The menu of services through Internet access is ambitious, and includes government services, health care, education, market information, financial services and so on. But it’s the lack of basic access, of the “pipes” and “plumbing” for connectivity, that’s the first, most difficult, yet essential step. Until this aspect is in place, getting results in areas such as efficient delivery of electricity, e-governance – including subsidies, education and skills, health care, manufacturing, and so on – is very much more difficult.

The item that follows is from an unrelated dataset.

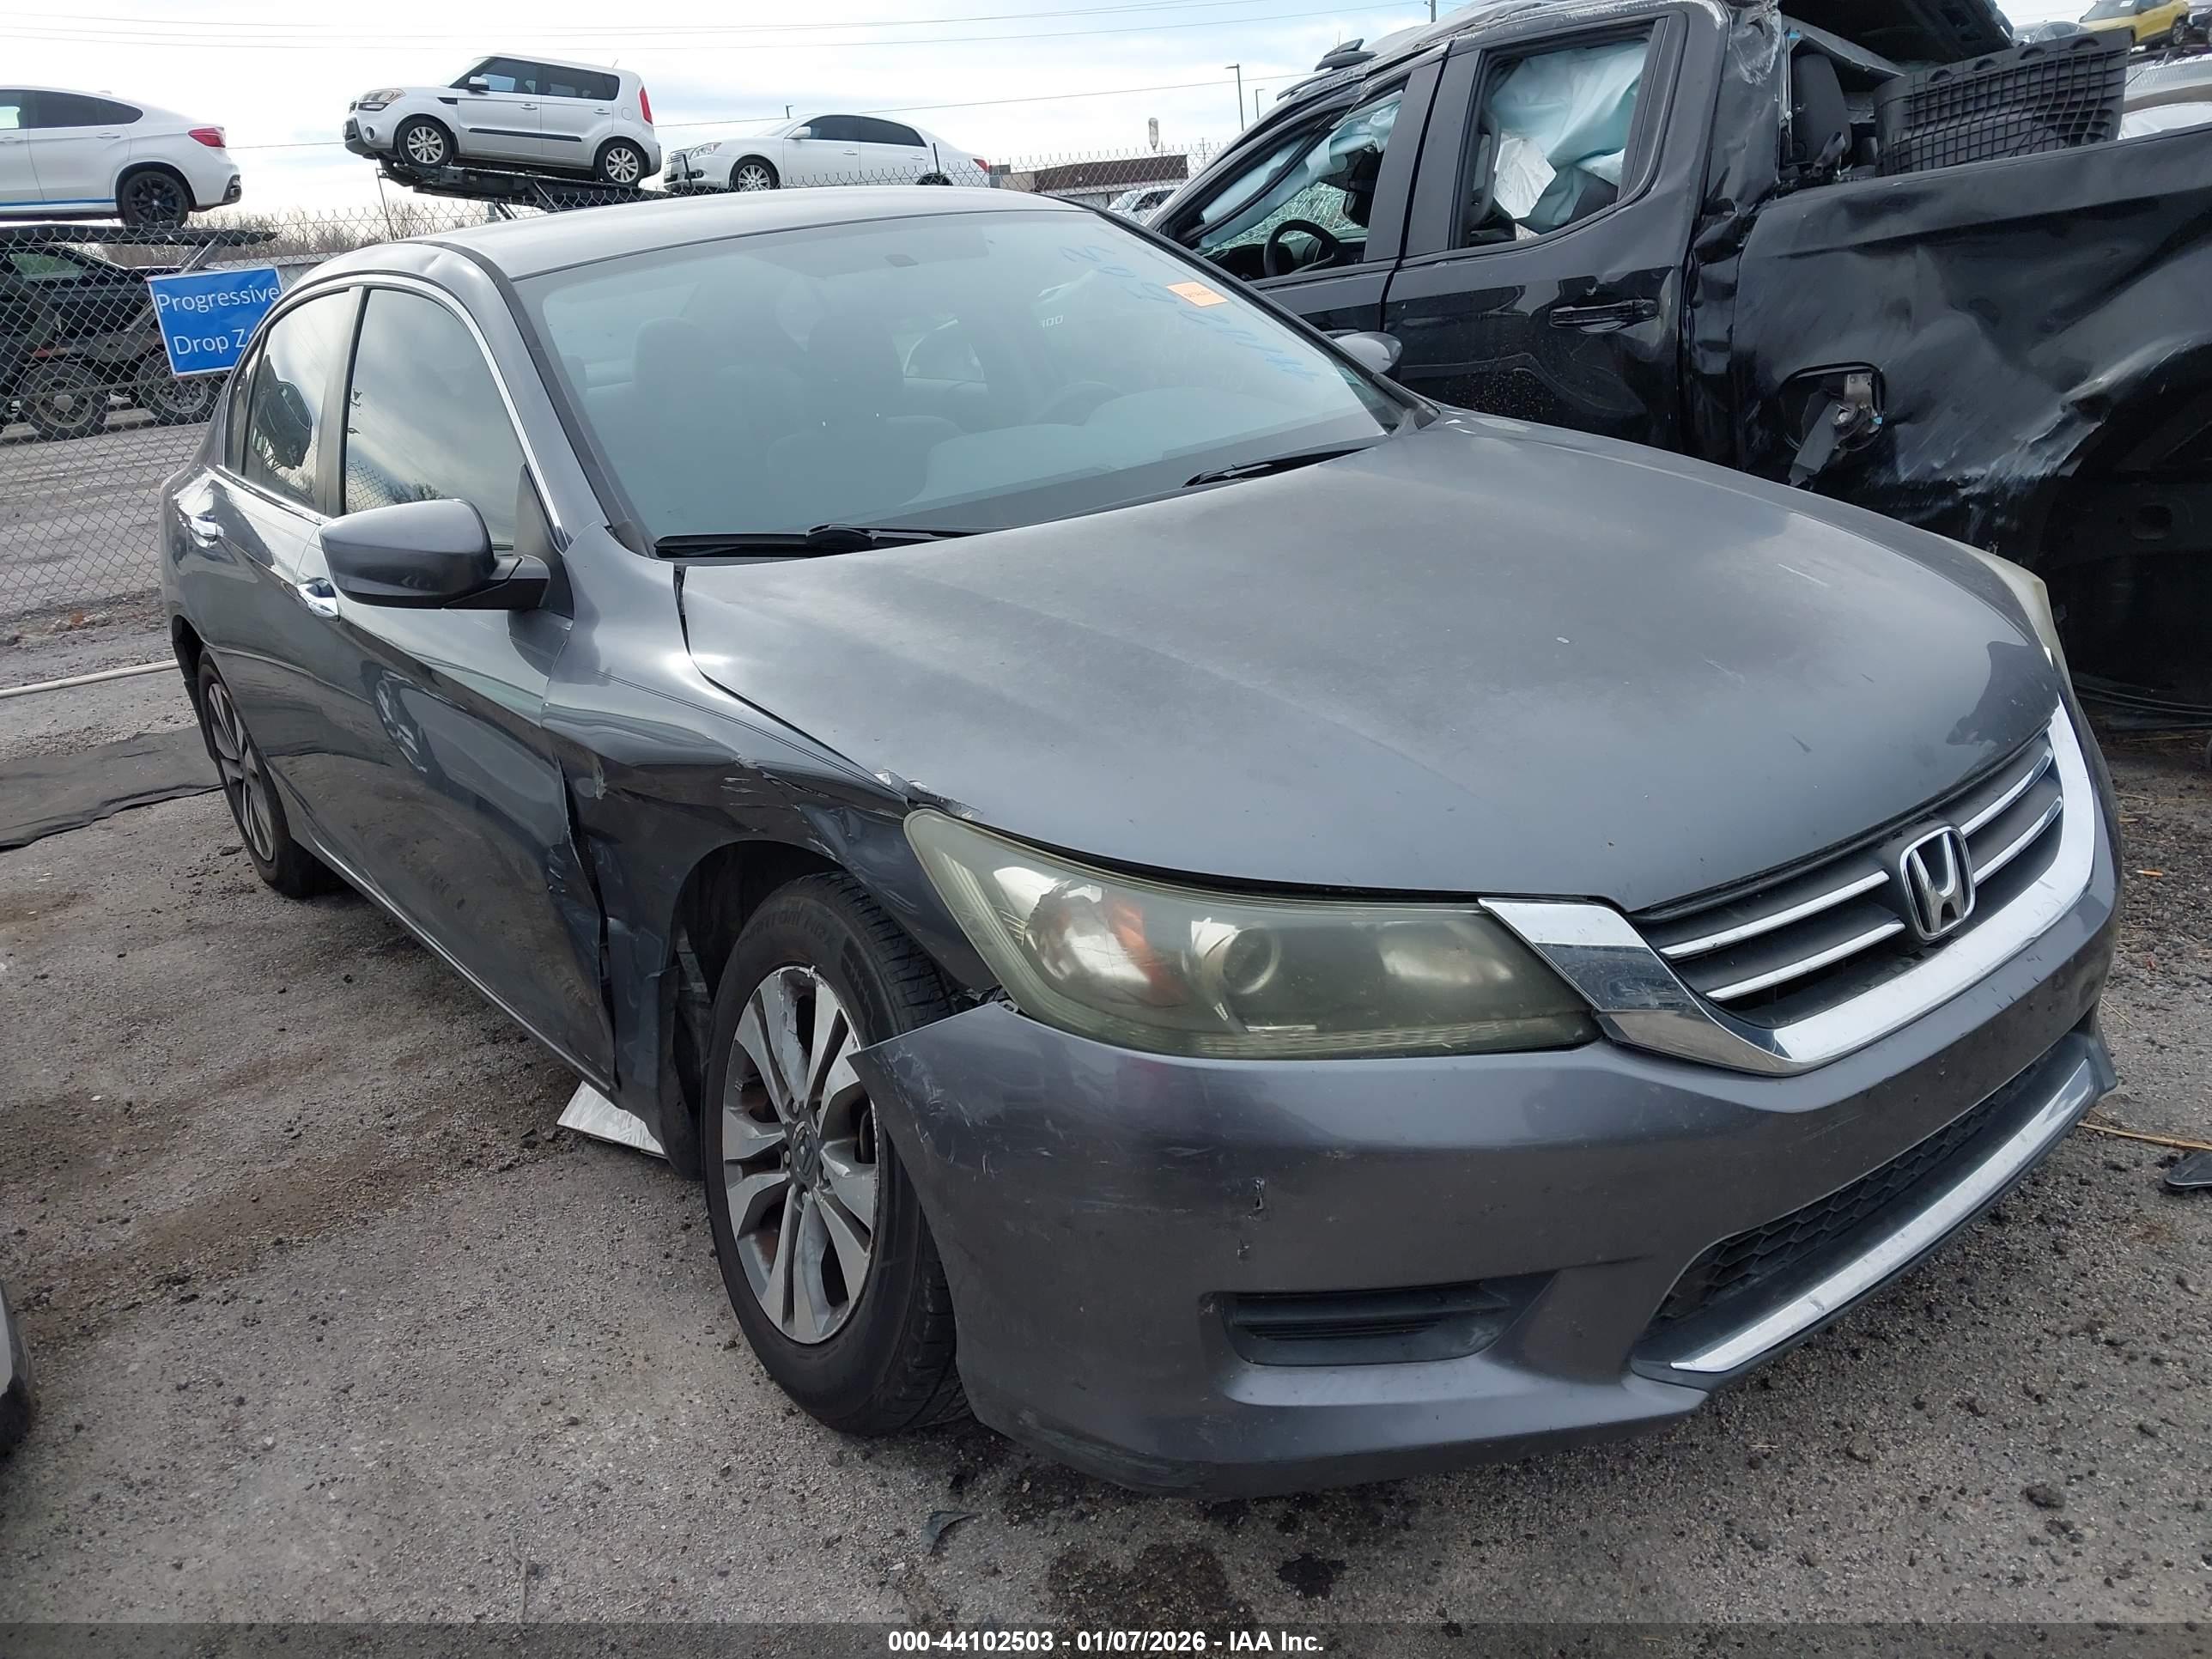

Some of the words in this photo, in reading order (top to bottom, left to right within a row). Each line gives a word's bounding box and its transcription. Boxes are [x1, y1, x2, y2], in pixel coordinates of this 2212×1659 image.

[155, 284, 279, 313] Progressive
[173, 335, 229, 355] Drop
[231, 328, 253, 349] Z

These services make up a robust wishlist, although their commercial underpinnings have yet to be designed and spelt out. As regards delivery, significant policy developments were reported last week. The Telecom Commission approved the operation of virtual network operators, allowing for operators who don’t own networks or spectrum. They also recommended lowering spectrum usage charges from five per cent to three per cent of Adjusted Gross Revenues, while the exception of one per cent for Broadband Wireless Access spectrum continues. The bad news was in the Budget for 2016: service tax of 14.5 per cent on spectrum acquisitions, including through auctions.

But these are simply not enough. It’s time the government accepts that Digital India is too distant, and they’d better formulate corrective measures. For example, even after 10 years with some success in setting up Common Services Centres (CSCs) in parts of the country, there doesn’t seem to be a replicable template with sufficient momentum for ubiquitous connectivity. Worse, urban services remain constrained by too little spectrum that costs too much, with many impediments to augmenting capacity.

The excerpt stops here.